BREBES, Beritafakta.id – Petambak garam di Kabupaten Brebes mengeluhkan anjloknya harga garam. Informasi yang didapat, harga garam di tingkat petambak saat ini hanya dihargai Rp900 per kg padahal sebelumnya Rp1.500 hingga Rp2.000 per kg.
Ketua Kelompok Petani Garam Desa Krakahan, Kecamatan Tanjung Suginoto mengatakan, penurunan harga garam terjadi sejak beberapa hari yang lalu. Di mana, sebelumnya harya garam di tingkat petambak mencapai Rp1.500 hingga Rp2.000 per kg, tapi saat ini hanya Rp900 per kg.
“Mengalami penurunan secara bertahap setiap harinya. Sampai hari ini sudah di harga Rp900 per kg,” ungkapnya ditemui di lokasi tambak garam Desa Krakahan, Jumat (31/7/2026).
Dia menyampaikan, saat ini kondisi gudang garam di Brebes masih kosong. Artinya, penurunan harga garam yang ada saat ini dinilai kurang wajar.
Apalagi, kata dia, sebagian besar petani juga baru memasuki masa panen raya pada pertengahan Agustus 2026 mendatang. Mereka menduga, anjloknya harga dipengaruhi masuknya pasokan garam dari sejumlah daerah, seperti Madura, Rembang, Pati, dan Cirebon.

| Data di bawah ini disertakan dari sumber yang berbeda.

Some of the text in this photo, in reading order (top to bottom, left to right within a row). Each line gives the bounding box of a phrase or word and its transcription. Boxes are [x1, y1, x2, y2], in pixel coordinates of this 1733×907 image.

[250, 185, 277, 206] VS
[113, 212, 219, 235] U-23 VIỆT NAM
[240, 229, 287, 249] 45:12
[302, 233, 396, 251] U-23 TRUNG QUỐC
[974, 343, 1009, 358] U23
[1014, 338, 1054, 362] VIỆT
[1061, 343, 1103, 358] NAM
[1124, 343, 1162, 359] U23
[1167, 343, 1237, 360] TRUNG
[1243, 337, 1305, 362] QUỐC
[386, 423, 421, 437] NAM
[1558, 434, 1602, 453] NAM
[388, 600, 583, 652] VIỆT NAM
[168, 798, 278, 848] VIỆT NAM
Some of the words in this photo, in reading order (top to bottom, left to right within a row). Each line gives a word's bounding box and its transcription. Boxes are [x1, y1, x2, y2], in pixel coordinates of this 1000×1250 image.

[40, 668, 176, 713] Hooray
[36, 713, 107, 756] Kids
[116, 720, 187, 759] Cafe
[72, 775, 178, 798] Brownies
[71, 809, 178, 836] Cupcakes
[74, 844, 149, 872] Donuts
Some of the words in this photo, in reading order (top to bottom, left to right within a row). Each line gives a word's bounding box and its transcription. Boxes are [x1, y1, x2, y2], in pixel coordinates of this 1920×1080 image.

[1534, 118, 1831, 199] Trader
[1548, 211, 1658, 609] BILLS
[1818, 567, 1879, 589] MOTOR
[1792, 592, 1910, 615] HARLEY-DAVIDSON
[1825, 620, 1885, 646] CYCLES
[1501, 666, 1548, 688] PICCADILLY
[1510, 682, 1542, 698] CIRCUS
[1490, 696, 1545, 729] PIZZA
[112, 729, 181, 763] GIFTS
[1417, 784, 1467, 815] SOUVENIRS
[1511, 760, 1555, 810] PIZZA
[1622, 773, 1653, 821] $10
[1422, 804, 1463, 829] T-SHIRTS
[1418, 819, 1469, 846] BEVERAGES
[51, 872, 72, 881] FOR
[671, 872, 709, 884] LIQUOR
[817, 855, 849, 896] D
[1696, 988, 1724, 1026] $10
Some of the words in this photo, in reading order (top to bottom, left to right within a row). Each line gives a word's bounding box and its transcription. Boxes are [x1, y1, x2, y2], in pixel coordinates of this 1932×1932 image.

“Padahal belum masa panen raya dan gudang pun banyak yang masih kosong. Kalau dugaan saya, karena masuknya produk luar ke pasaran sinu,” jelasnya.
Menanggapi fluktuasi harga garam, Kepala Dinas Perikanan Kabupaten Brebes, Eko Supriyanto mengatakan pihaknya saat ini tengah memperbaiki rantai pasok garam sebagai langkah menjaga stabilitas harga di tingkat petani. Salah satunya, berusaha mempercepat beroperasinya pabrik pengolahan garam di Kecamatan Bulakamba. Pabrik ini dijadwalkan mulai beroperasi bulan depan dengan kapasitas produksi mencapai lima ton per hari.
“Kehadiran pabrik garam berkapasitas lima ton per hari diharapkan dapat membantu menyerap hasil produksi petani sekaligus ikut menstabilkan harga garam,” katanya.
Dia menyebutkan, untuk kualitas garam asli Brebes ini memiliki kadar NaCl sebesar 97 persen, lebih tinggi dari garam daerah lain. “Kualitas garam Brebes sangat bagus. Kadar NaCl mencapai 97 persen. Ini kalau diolah menjadi garam dapur sangat bagus,” ungkapnya.
Data di Dinas Perikanan Brebes menyebut, total lahan potensi garam di Brebes seluas 1176 ha. Lahan aktif non integrasi pada 2025 seluas 193,57 ha dan lahan aktif terintegrasi 72,35 ha. Untuk produksi pada 29 Juli 2026 tercatat 302,47 ton.